● Entries supplied
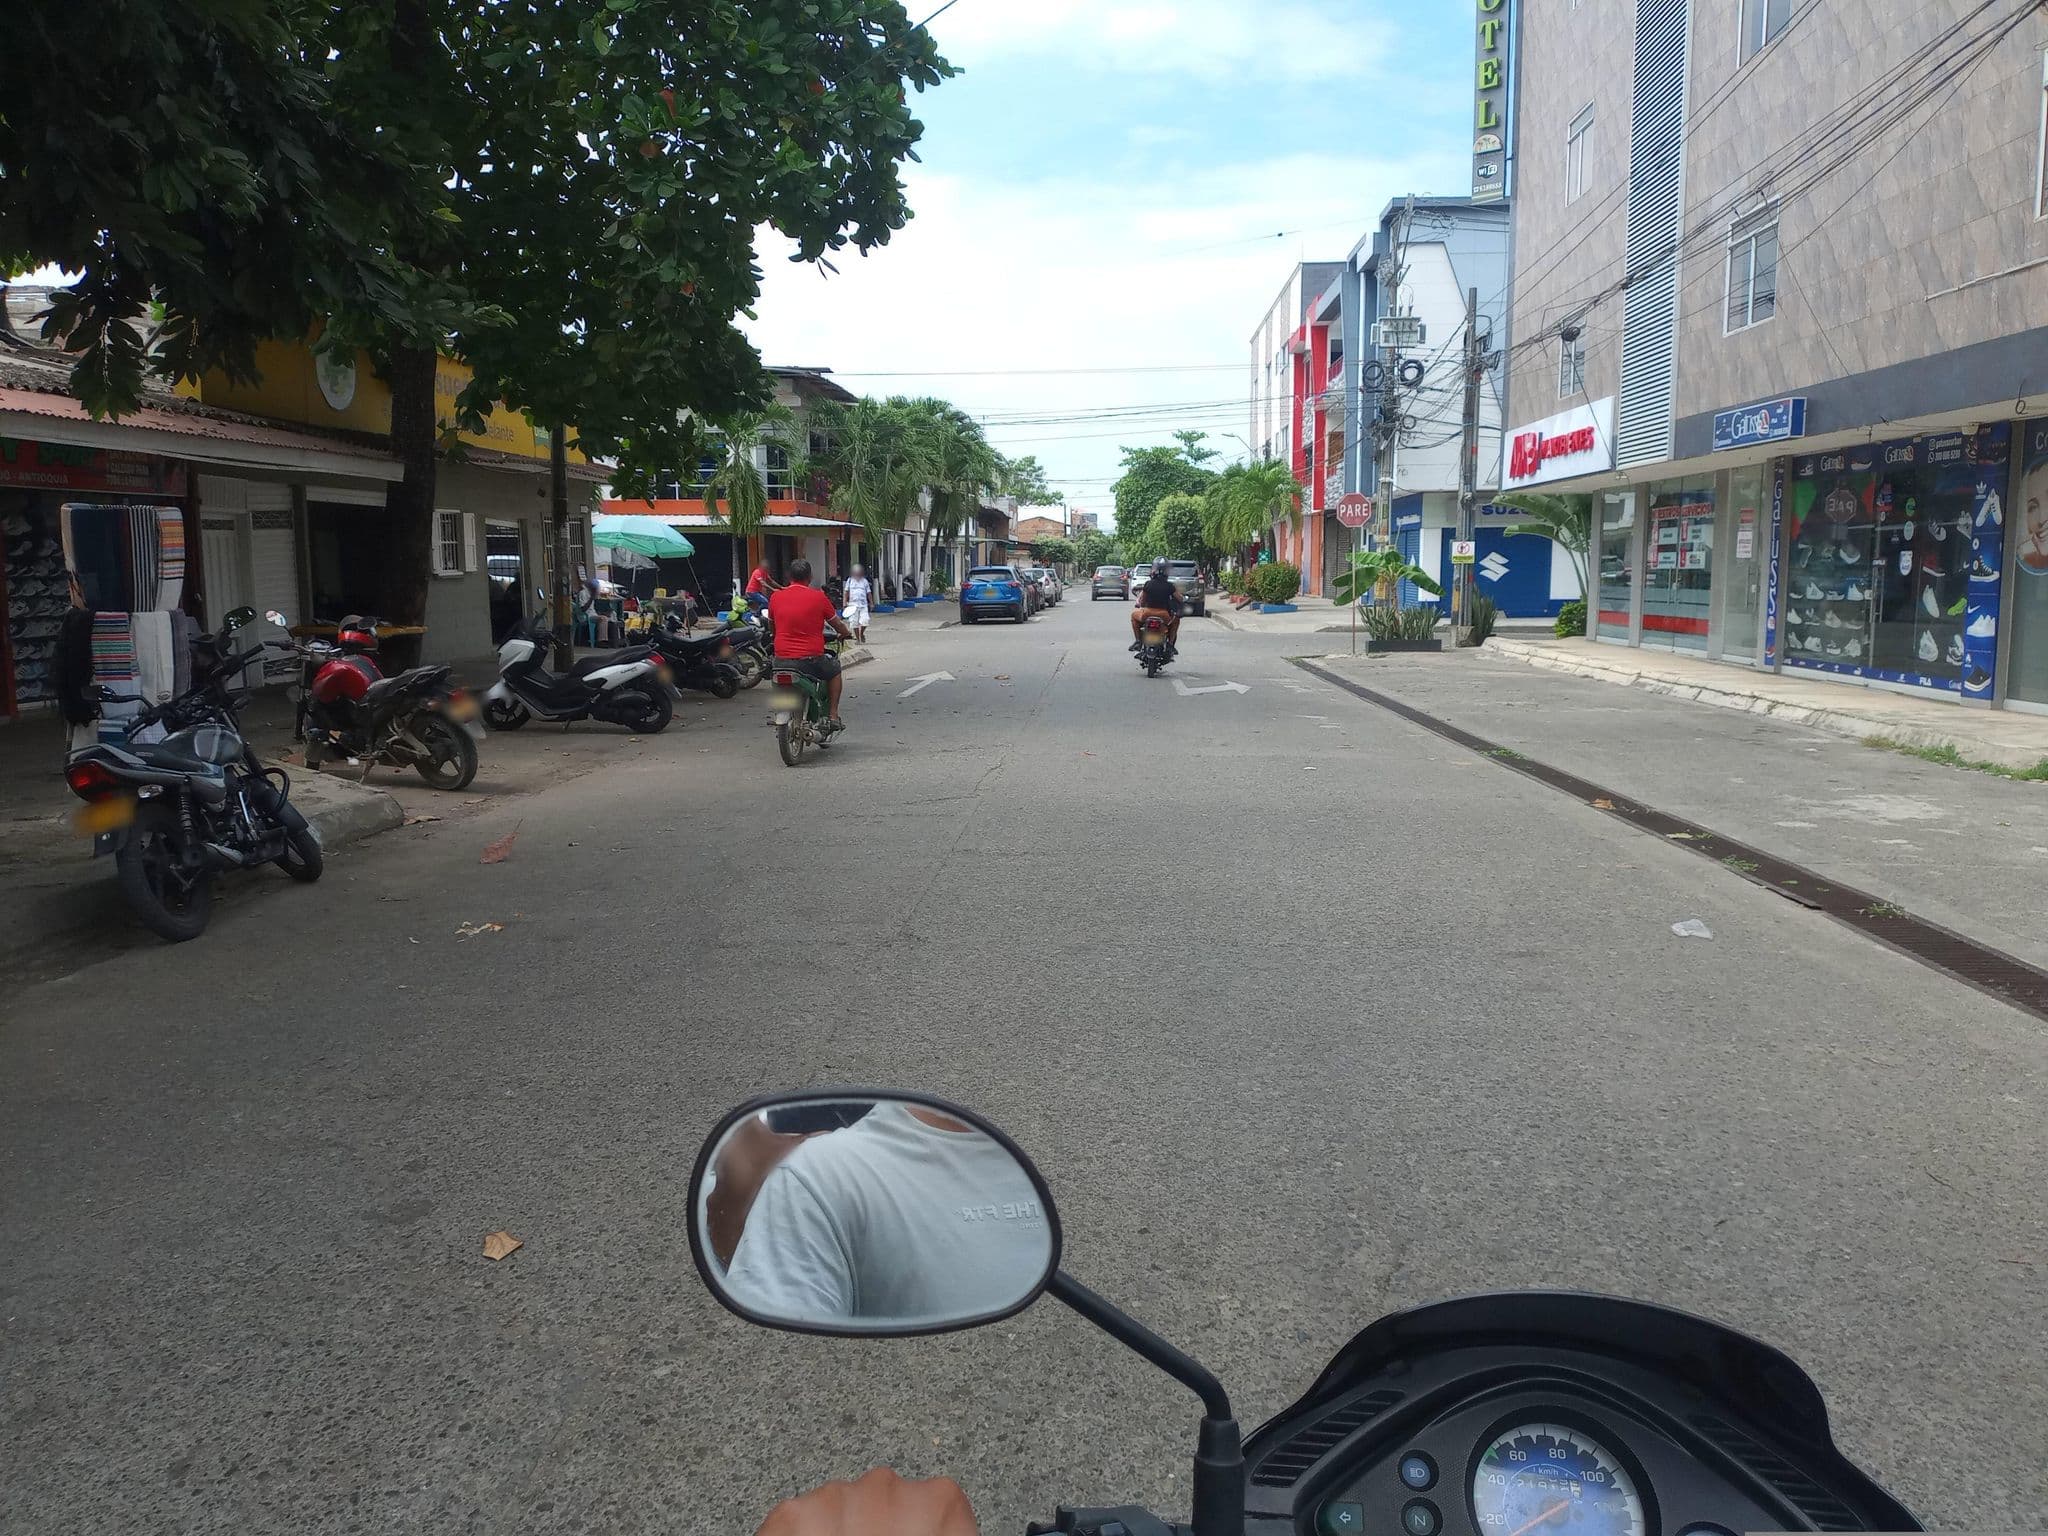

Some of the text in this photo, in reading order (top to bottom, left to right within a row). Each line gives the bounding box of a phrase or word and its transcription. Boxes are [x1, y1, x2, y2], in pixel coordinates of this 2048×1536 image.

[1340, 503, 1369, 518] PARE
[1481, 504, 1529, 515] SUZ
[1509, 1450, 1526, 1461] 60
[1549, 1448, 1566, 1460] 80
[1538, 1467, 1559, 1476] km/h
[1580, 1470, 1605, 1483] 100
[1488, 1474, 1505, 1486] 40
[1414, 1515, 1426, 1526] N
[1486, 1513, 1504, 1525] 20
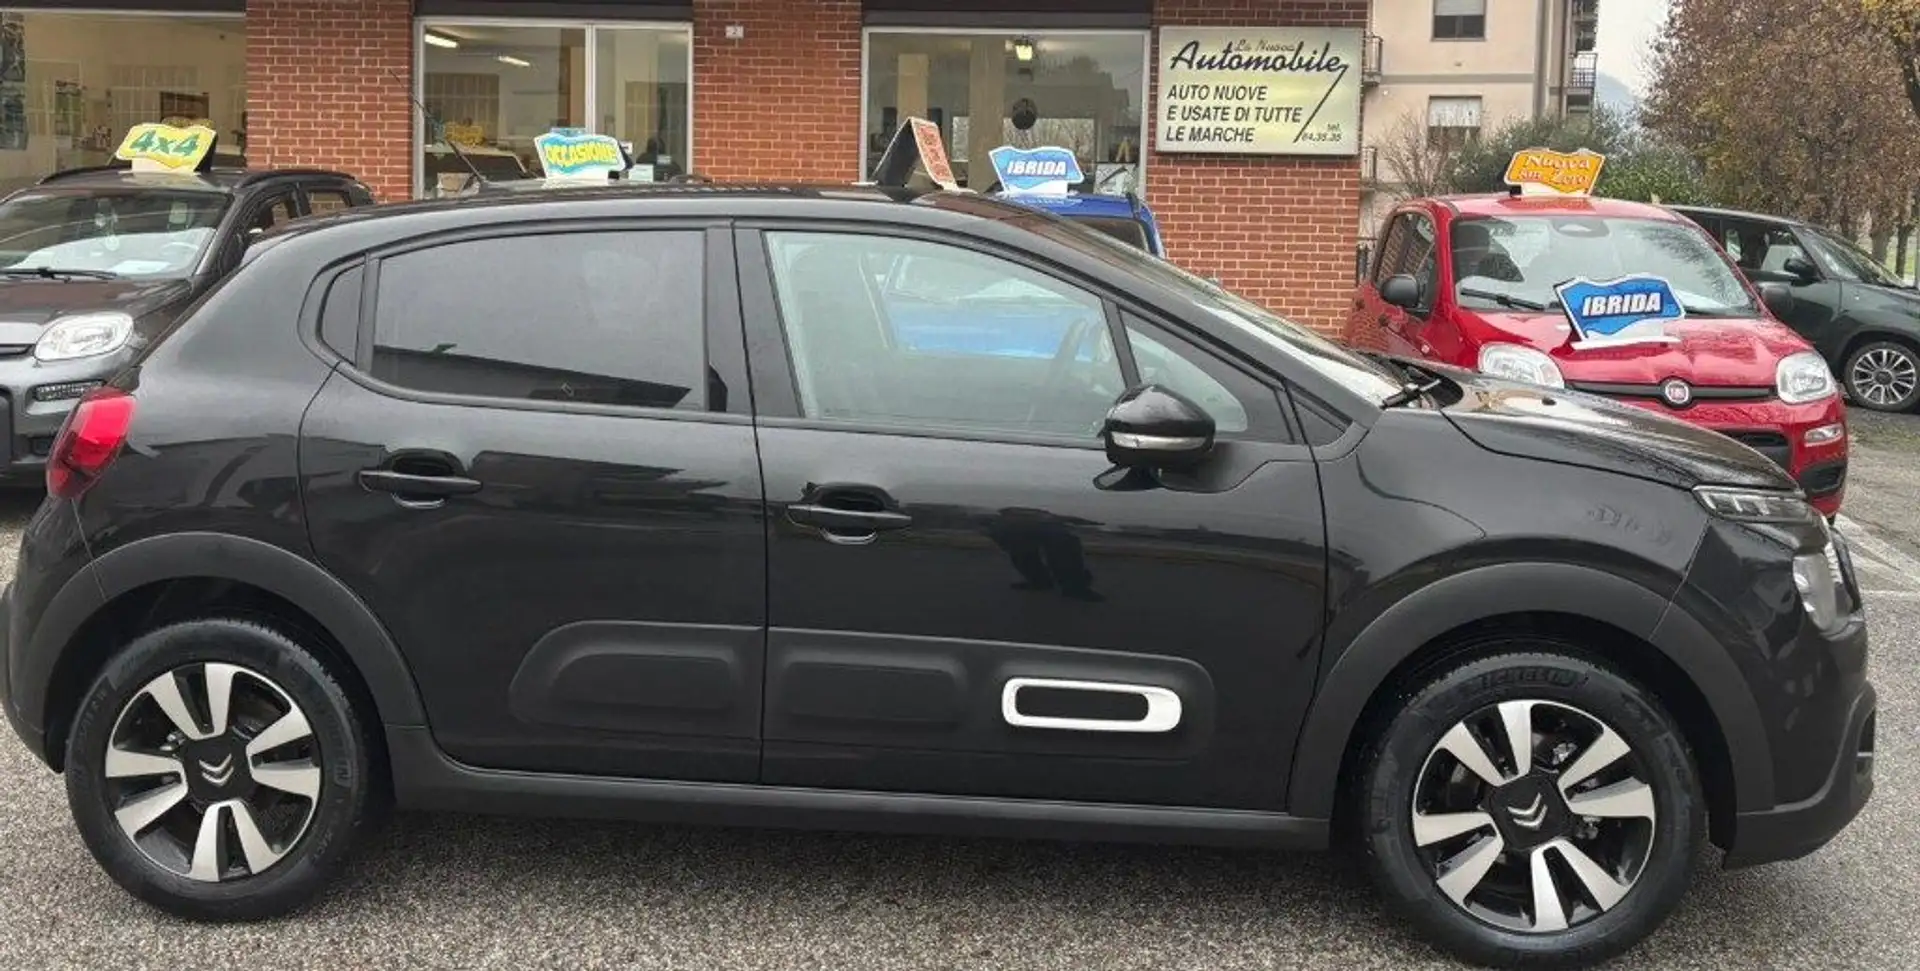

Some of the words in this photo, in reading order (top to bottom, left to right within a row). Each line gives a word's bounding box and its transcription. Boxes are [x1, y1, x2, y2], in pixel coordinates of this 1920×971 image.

● What you have to do
Retype the data above verbatim, minus images.

● Written reply
Some of the text in this photo, in reading order (top to bottom, left to right within a row). Each line gives the bounding box of a phrase or word and its transcription. Boxes are [x1, y1, x2, y2], in pixel coordinates of this 2048×1536 image.

[1340, 503, 1369, 518] PARE
[1481, 504, 1529, 515] SUZ
[1509, 1450, 1526, 1461] 60
[1549, 1448, 1566, 1460] 80
[1538, 1467, 1559, 1476] km/h
[1580, 1470, 1605, 1483] 100
[1488, 1474, 1505, 1486] 40
[1414, 1515, 1426, 1526] N
[1486, 1513, 1504, 1525] 20

Some of the words in this photo, in reading order (top to bottom, left to right within a row). Each line gives a word's bounding box and its transcription. Boxes are [x1, y1, x2, y2], in pixel coordinates of this 1920×971 image.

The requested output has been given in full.